Academic Writing for ELL (English Language Learner) Students
This course satisfies one Hub requirement: The Individual in Community
WR 111 is a pass/fail course but still requires substantial academic work. We hope that the pass/fail designation allows students in their first semester at BU to take risks in their writing, try new strategies, and adapt to college-level writing, reading, and speaking needs without worrying about the effects on their GPA.
WR 111 is designed to lay the foundation of your academic communication skills at BU. The course places you in an international, multicultural group of learners and provides opportunities to explore how individual personality is cultivated in relationship to larger communities through various communicative acts. You will read challenging and interesting essays about identity, cross-cultural communication, migration, families, and food–among other themes–and build your awareness of situation, audience, purpose, and diverse points of view. You will engage in in-class discussions, team oral presentations, debates, and on- and off-campus activities.

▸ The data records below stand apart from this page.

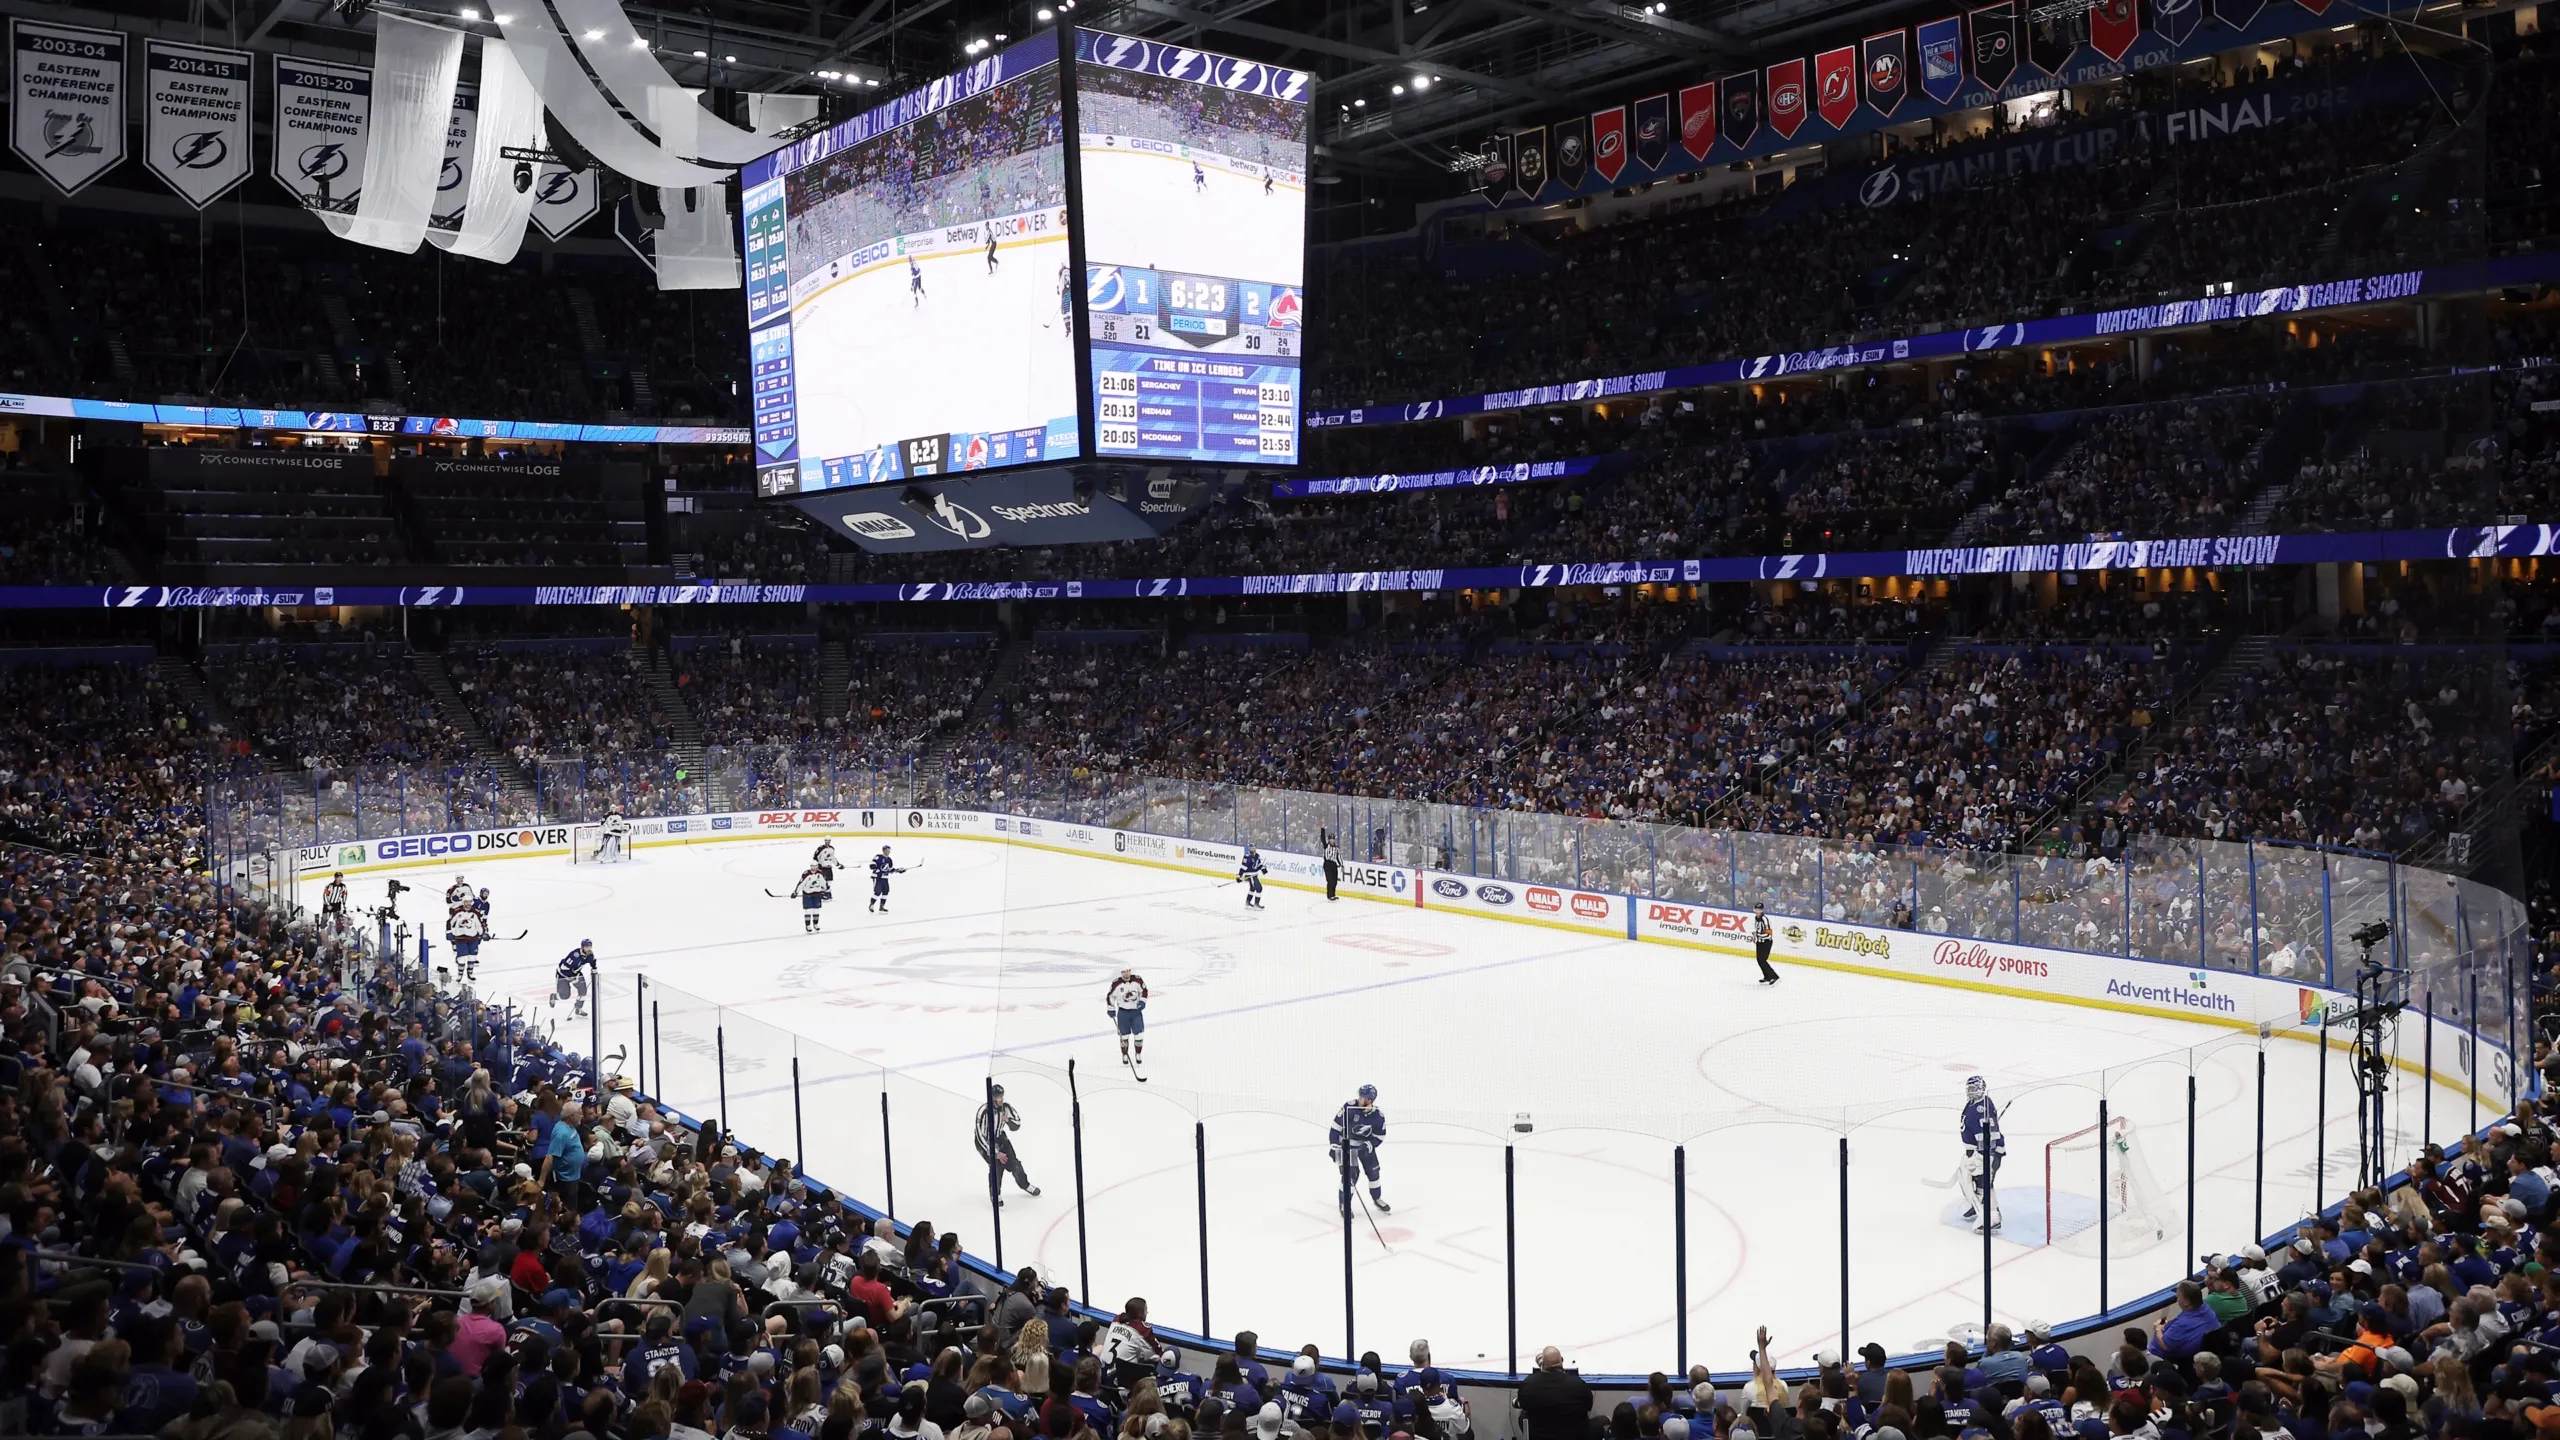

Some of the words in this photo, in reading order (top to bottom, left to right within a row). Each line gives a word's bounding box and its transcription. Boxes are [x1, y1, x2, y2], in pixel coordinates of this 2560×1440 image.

[32, 38, 106, 57] 2003-04
[38, 63, 100, 78] EASTERN
[169, 58, 230, 76] 2014-15
[23, 74, 114, 92] CONFERENCE
[295, 73, 353, 91] 2019-20
[1963, 89, 1996, 107] TOM
[2004, 71, 2070, 99] McEWEN
[2077, 60, 2125, 82] PRESS
[2134, 48, 2169, 70] BOX
[170, 81, 228, 96] EASTERN
[28, 88, 110, 105] CHAMPIONS
[156, 93, 242, 110] CONFERENCE
[297, 96, 350, 110] EASTERN
[161, 106, 237, 122] CHAMPIONS
[284, 106, 362, 124] CONFERENCE
[289, 120, 358, 136] CHAMPIONS
[2053, 128, 2117, 168] CUP
[2167, 94, 2284, 145] FINAL
[1131, 139, 1172, 153] GEICO
[1230, 158, 1258, 174] betway
[852, 243, 890, 268] GEICO
[946, 226, 978, 243] betway
[995, 213, 1047, 237] DISCOVER
[1138, 279, 1148, 304] 1
[1171, 280, 1225, 312] 6:23
[1248, 291, 1260, 315] 2
[2095, 309, 2148, 334] WATCH
[2366, 270, 2423, 300] SHOW
[1095, 314, 1123, 322] FACEOFFS
[1173, 319, 1205, 330] PERIOD
[1104, 322, 1114, 331] 26
[1136, 325, 1150, 340] 21
[1270, 330, 1295, 338] FACEOFFS
[1246, 336, 1260, 349] 30
[1278, 338, 1288, 347] 24
[1154, 360, 1175, 372] TIME
[1178, 362, 1189, 373] ON
[1192, 363, 1206, 374] ICE
[1209, 364, 1244, 377] LEADERS
[1786, 351, 1826, 373] Bally
[1827, 353, 1860, 367] SPORTS
[1865, 351, 1880, 360] SUN
[1103, 377, 1135, 391] 21:06
[1142, 381, 1181, 391] SERGACHEV
[1484, 392, 1513, 410] WATCH
[1634, 371, 1665, 392] SHOW
[1234, 388, 1256, 396] BYRAM
[1262, 389, 1290, 402] 23:10
[1103, 404, 1135, 418] 20:13
[1142, 407, 1171, 416] HEDMAN
[1233, 413, 1256, 421] MAKAR
[262, 415, 275, 426] 21
[345, 417, 351, 429] 1
[373, 421, 395, 432] 6:23
[416, 421, 423, 431] 2
[1261, 414, 1290, 427] 22:44
[484, 425, 497, 435] 30
[1016, 429, 1041, 438] FACEOFFS
[1103, 430, 1136, 444] 20:05
[1142, 433, 1181, 442] MCDONAGH
[992, 434, 1008, 442] SHOTS
[1234, 438, 1256, 446] TOEWS
[1262, 438, 1290, 451] 21:59
[890, 452, 897, 471] 1
[909, 438, 939, 464] 6:23
[954, 443, 962, 462] 2
[994, 443, 1006, 459] 30
[223, 456, 302, 466] CONNECTWISE
[304, 457, 342, 469] LOGE
[456, 464, 524, 474] CONNECTWISE
[527, 466, 560, 476] LOGE
[852, 464, 862, 478] 21
[1308, 480, 1334, 493] WATCH
[1434, 472, 1454, 485] SHOW
[1532, 463, 1550, 477] GAME
[1552, 462, 1565, 474] ON
[778, 474, 794, 485] FINAL
[991, 502, 1083, 523] Spectrum
[851, 517, 905, 534] AMALIE
[1906, 549, 1963, 575] WATCH
[1963, 545, 2057, 573] LIGHTNING
[2213, 535, 2281, 564] SHOW
[1568, 563, 1612, 585] Bally
[1613, 568, 1647, 582] SPORTS
[1654, 569, 1669, 579] SUN
[952, 581, 999, 599] Bally
[1000, 588, 1032, 598] SPORTS
[1243, 576, 1284, 595] WATCH
[1284, 574, 1335, 593] LIGHTNING
[1412, 570, 1444, 590] SHOW
[168, 586, 224, 607] Bally
[227, 593, 270, 606] SPORTS
[276, 594, 298, 604] SUN
[536, 586, 583, 605] WATCH
[584, 585, 654, 604] LIGHTNING
[763, 584, 805, 603] SHOW
[714, 820, 730, 828] TGH
[758, 813, 797, 824] DEX
[803, 812, 840, 822] DEX
[927, 814, 979, 822] LAKEWOOD
[577, 828, 592, 840] NEW
[642, 824, 663, 835] VODKA
[928, 821, 960, 829] RANCH
[1066, 829, 1094, 840] JABIL
[1127, 835, 1166, 849] HERITAGE
[377, 834, 472, 859] GEICO
[478, 829, 567, 849] DISCOVER
[301, 846, 331, 861] RULY
[1127, 847, 1166, 857] INSURANCE
[1187, 848, 1236, 861] MicroLumen
[1289, 862, 1306, 874] Blue
[1439, 880, 1464, 896] Ford
[1483, 887, 1509, 903] Ford
[1528, 892, 1559, 907] AMALIE
[1574, 899, 1606, 914] AMALIE
[1649, 905, 1694, 924] DEX
[1701, 912, 1748, 932] DEX
[1660, 920, 1699, 935] imaging
[1712, 928, 1753, 943] imaging
[1816, 928, 1850, 950] Hard
[1854, 932, 1890, 959] Rock
[1933, 940, 1998, 977] Bally
[2000, 959, 2048, 977] SPORTS
[1110, 1339, 1121, 1359] 3
[1158, 1381, 1189, 1397] UCHEROV
[1282, 1389, 1310, 1407] TAMKOS

Please note: Students are not permitted to enroll in WR 111 after completing WR 112, WR 120, WR 151, WR 152, or WR 153.
Course Objectives
All WR 111 sections follow the same curriculum, draw from the same designated texts, and aim to achieve the common goals for this level. You will develop your abilities to:
- understand the culture of American academia and fluently perform varied language functions
- build awareness of situation, audience, purpose, and diverse points of view in order to participate in discourse communities, both on campus and beyond
- use effective strategies for reading college-level texts and acquiring new vocabulary to communicate in academic and public contexts
- express ideas in appropriate rhetorical structures, using multiple modes of expression
- identify and practice various writing styles and formats
- acquire and apply knowledge of advanced grammar and meta-language
- perform meta-cognitive and self-reflective tasks that situate your beliefs and experiences in the new context of an American university and community
Instructional Format and Course Pedagogy
The work you are assigned in this course will not be graded, but that does not mean it is unimportant. Students who prepare diligently for class, participate actively, and take the homework exercises and drafts seriously generally learn more and write better final papers than those who do not.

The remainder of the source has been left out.